Task directions: Give back all of the data exactly. Leave nothing out.

Referring expression grounding data:
-*-
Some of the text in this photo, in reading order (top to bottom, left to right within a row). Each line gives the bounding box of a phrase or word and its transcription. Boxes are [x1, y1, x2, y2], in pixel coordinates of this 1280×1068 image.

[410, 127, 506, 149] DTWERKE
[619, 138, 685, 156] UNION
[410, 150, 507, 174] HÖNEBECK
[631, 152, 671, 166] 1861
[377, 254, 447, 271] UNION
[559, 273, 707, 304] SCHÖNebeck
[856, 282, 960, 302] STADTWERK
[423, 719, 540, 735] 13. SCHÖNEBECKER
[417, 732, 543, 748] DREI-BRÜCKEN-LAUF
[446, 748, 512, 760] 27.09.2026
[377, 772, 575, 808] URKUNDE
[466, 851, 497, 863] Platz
-*-
Task output:
Some of the text in this photo, in reading order (top to bottom, left to right within a row). Each line gives the bounding box of a phrase or word and its transcription. Boxes are [x1, y1, x2, y2], in pixel coordinates of this 1280×1068 image.

[410, 127, 506, 149] DTWERKE
[619, 138, 685, 156] UNION
[410, 150, 507, 174] HÖNEBECK
[631, 152, 671, 166] 1861
[377, 254, 447, 271] UNION
[559, 273, 707, 304] SCHÖNebeck
[856, 282, 960, 302] STADTWERK
[423, 719, 540, 735] 13. SCHÖNEBECKER
[417, 732, 543, 748] DREI-BRÜCKEN-LAUF
[446, 748, 512, 760] 27.09.2026
[377, 772, 575, 808] URKUNDE
[466, 851, 497, 863] Platz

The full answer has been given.